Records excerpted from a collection
##############################

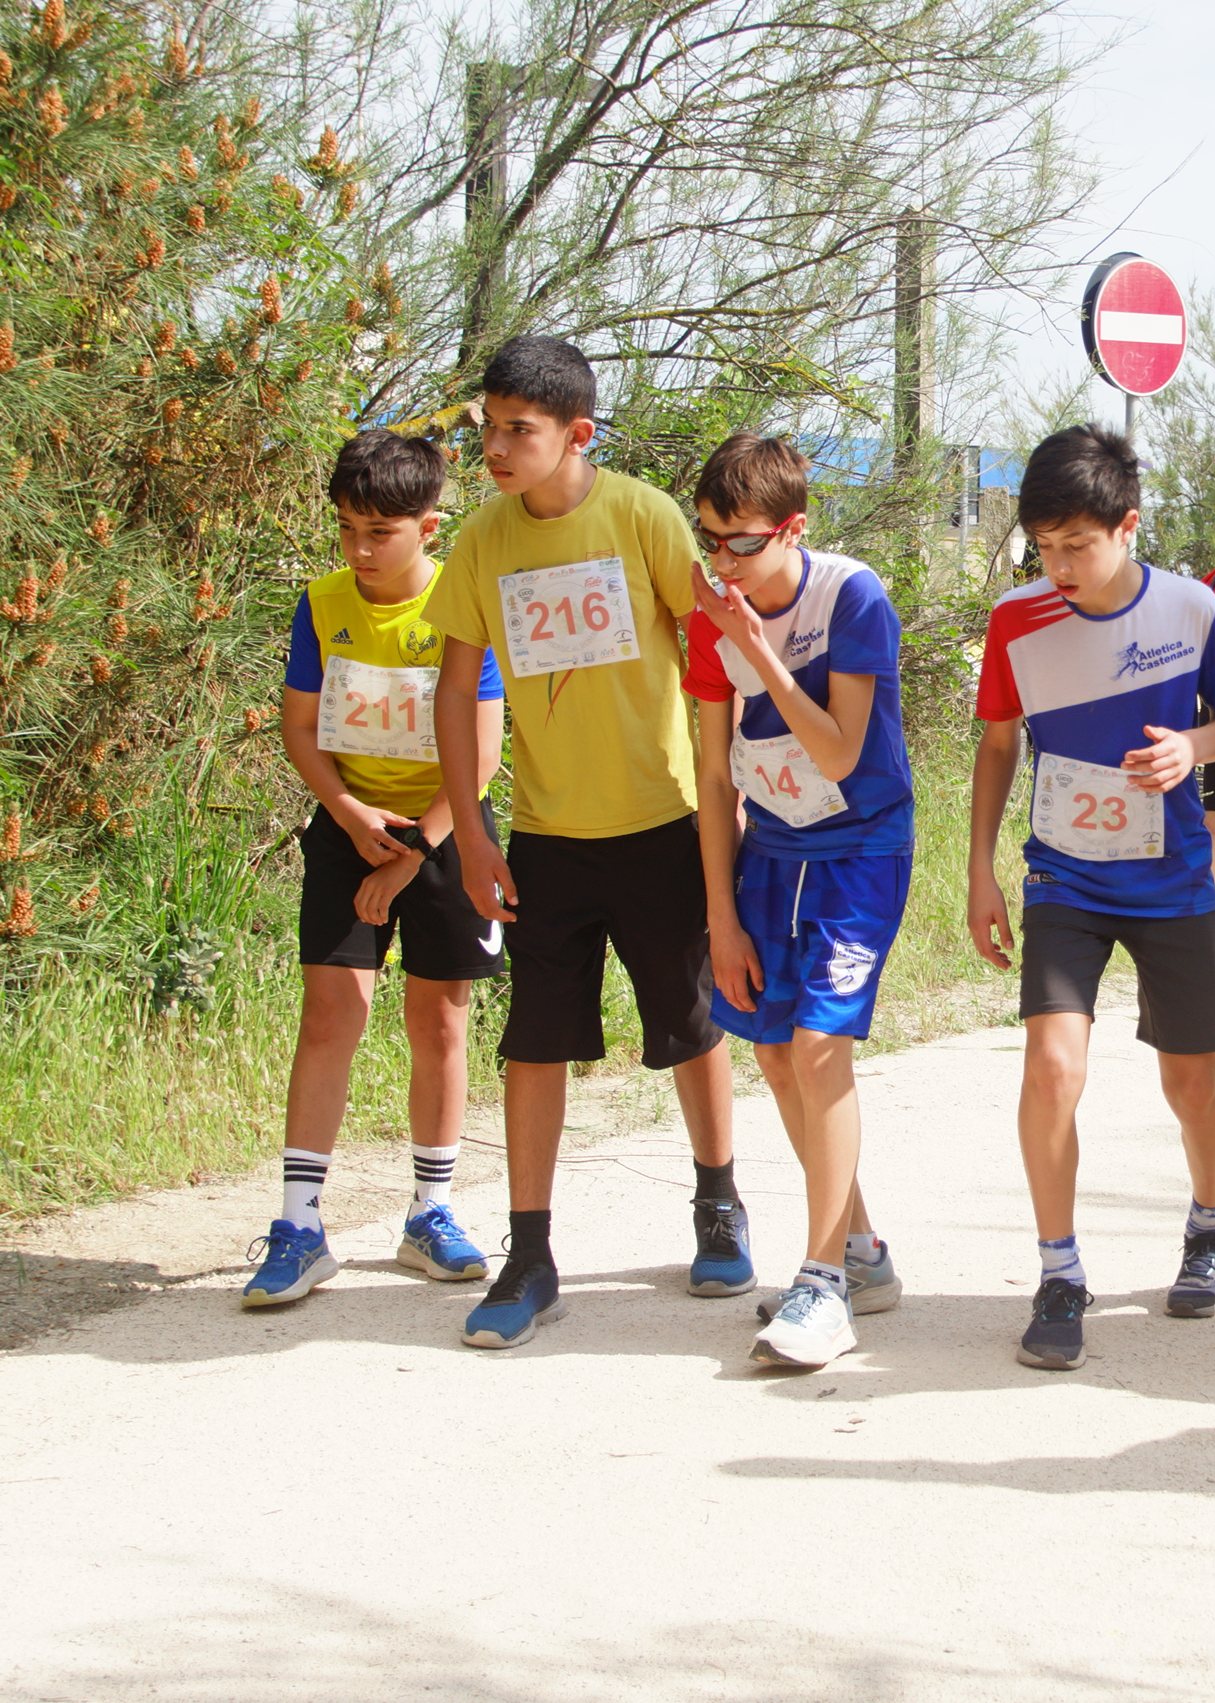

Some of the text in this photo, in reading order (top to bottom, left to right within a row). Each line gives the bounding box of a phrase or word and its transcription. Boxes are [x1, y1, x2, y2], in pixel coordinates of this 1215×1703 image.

[525, 591, 611, 641] 216
[330, 637, 354, 645] adidas
[1138, 646, 1195, 671] Castenaso
[1139, 641, 1183, 661] Atletica
[345, 691, 416, 732] 211
[754, 764, 802, 799] 14
[1071, 792, 1128, 832] 23
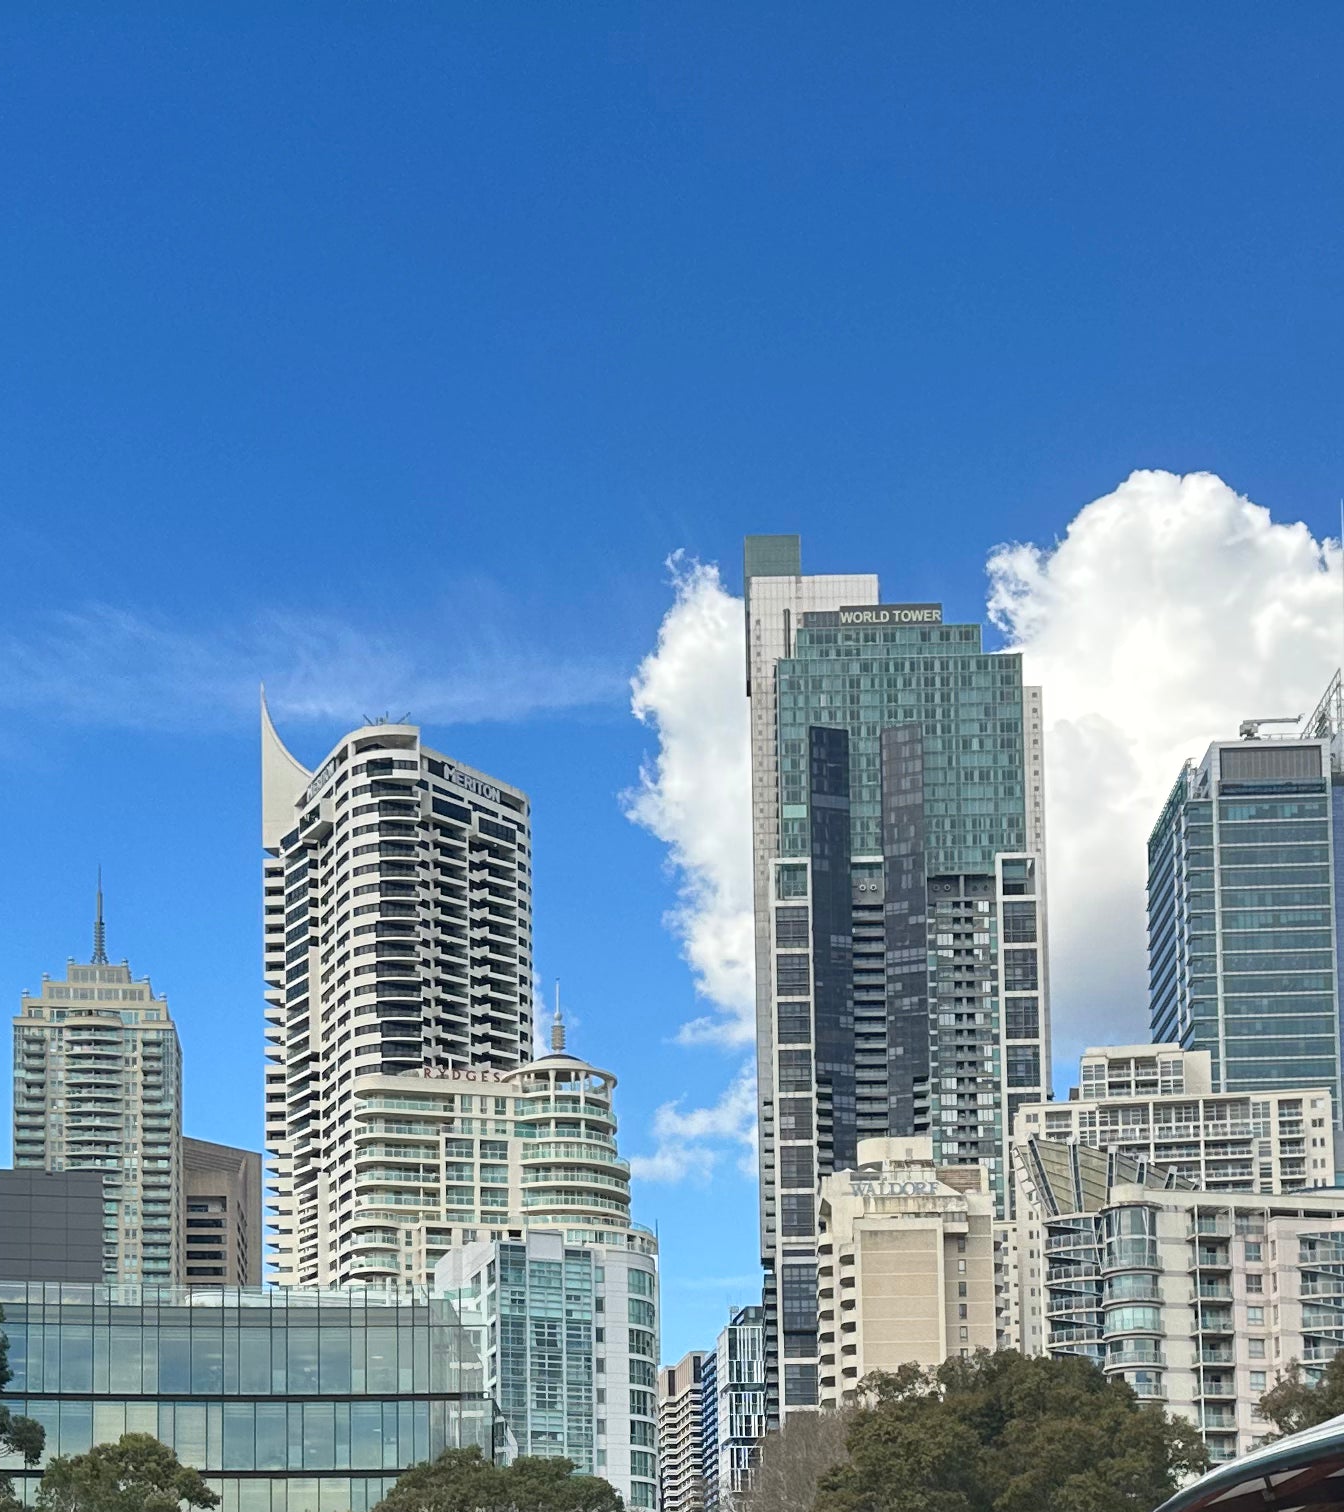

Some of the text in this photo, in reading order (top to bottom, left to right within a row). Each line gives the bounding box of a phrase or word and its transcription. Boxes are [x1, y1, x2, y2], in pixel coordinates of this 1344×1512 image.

[840, 610, 941, 623] WORLD TOWER
[444, 764, 500, 803] MERITON
[424, 1068, 500, 1082] RYDGES
[849, 1182, 940, 1196] WALDORF

##############################

§ **WORK TASK**: Leave the pictures out and copy the rest of the data exactly.

§ **YOUR SOLUTION**:
Some of the text in this photo, in reading order (top to bottom, left to right within a row). Each line gives the bounding box of a phrase or word and its transcription. Boxes are [x1, y1, x2, y2], in pixel coordinates of this 1215×1703 image.

[525, 591, 611, 641] 216
[330, 637, 354, 645] adidas
[1138, 646, 1195, 671] Castenaso
[1139, 641, 1183, 661] Atletica
[345, 691, 416, 732] 211
[754, 764, 802, 799] 14
[1071, 792, 1128, 832] 23

Some of the text in this photo, in reading order (top to bottom, left to right within a row). Each line gives the bounding box of a phrase or word and its transcription. Boxes are [x1, y1, x2, y2], in pixel coordinates of this 1344×1512 image.

[840, 610, 941, 623] WORLD TOWER
[444, 764, 500, 803] MERITON
[424, 1068, 500, 1082] RYDGES
[849, 1182, 940, 1196] WALDORF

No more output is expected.